(Saved entries)
- - - - - - -

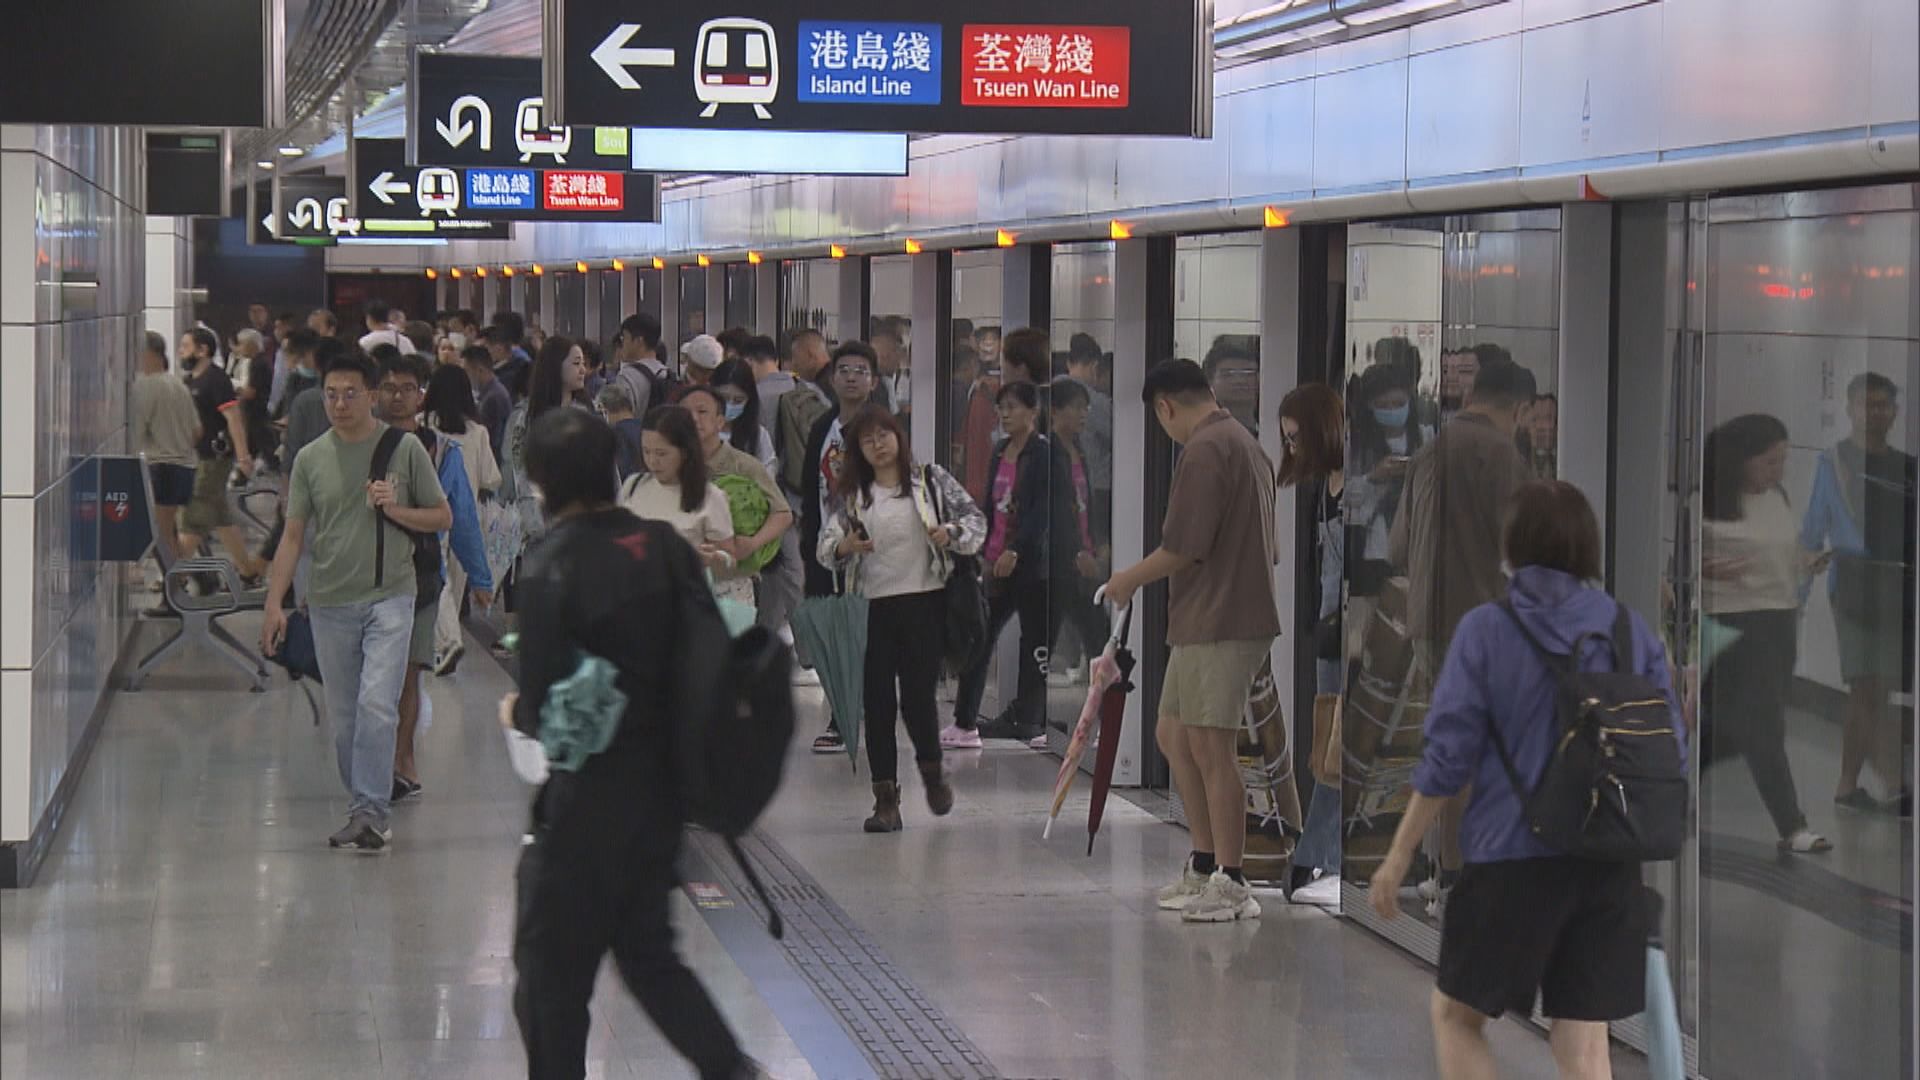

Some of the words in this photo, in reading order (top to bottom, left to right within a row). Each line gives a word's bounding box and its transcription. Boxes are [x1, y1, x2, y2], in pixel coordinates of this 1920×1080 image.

[809, 30, 931, 72] 港島綫
[973, 32, 1094, 74] 荃灣綫
[811, 75, 867, 95] Island
[872, 76, 912, 96] Line
[973, 78, 1028, 98] Tsuen
[1032, 79, 1075, 98] Wan
[1080, 80, 1119, 99] Line
[473, 194, 500, 205] Island
[501, 195, 522, 205] Line
[549, 196, 576, 206] Tsuen
[577, 196, 598, 206] Wan
[600, 197, 619, 206] Line
[105, 492, 129, 502] AED
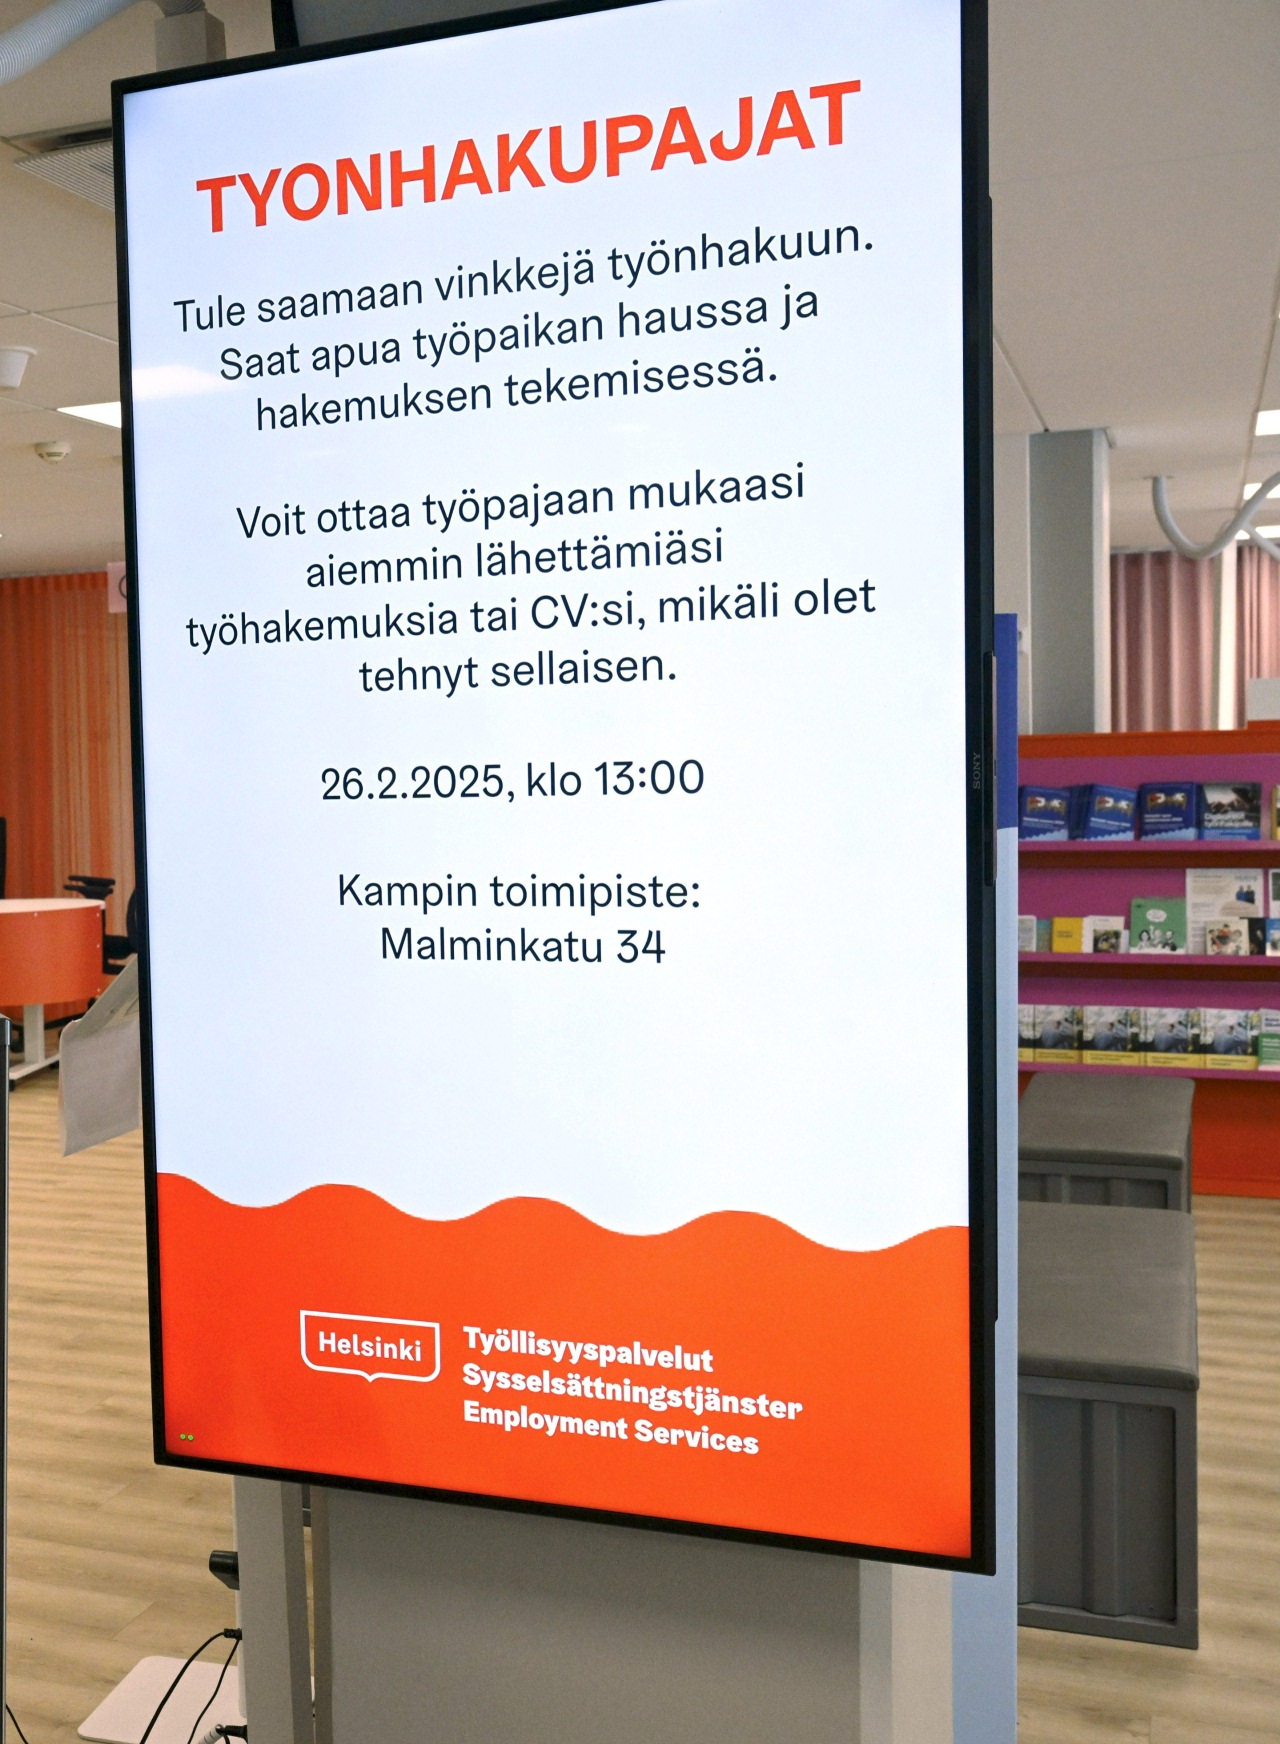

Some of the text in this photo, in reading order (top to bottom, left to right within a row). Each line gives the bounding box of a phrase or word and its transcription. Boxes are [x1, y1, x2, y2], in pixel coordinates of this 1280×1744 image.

- - - - - - -

__To do__: What you hand back should match the entries above exactly, except that no picture appears.

__Your solution__:
Some of the words in this photo, in reading order (top to bottom, left to right within a row). Each line gives a word's bounding box and its transcription. Boxes are [x1, y1, x2, y2], in pixel coordinates of this 1920×1080 image.

[809, 30, 931, 72] 港島綫
[973, 32, 1094, 74] 荃灣綫
[811, 75, 867, 95] Island
[872, 76, 912, 96] Line
[973, 78, 1028, 98] Tsuen
[1032, 79, 1075, 98] Wan
[1080, 80, 1119, 99] Line
[473, 194, 500, 205] Island
[501, 195, 522, 205] Line
[549, 196, 576, 206] Tsuen
[577, 196, 598, 206] Wan
[600, 197, 619, 206] Line
[105, 492, 129, 502] AED

Some of the text in this photo, in reading order (top to bottom, left to right within a row). Each line gives the bounding box of a phrase or word and its transcription. Boxes are [x1, y1, x2, y2], in pixel coordinates of this 1280×1744 image.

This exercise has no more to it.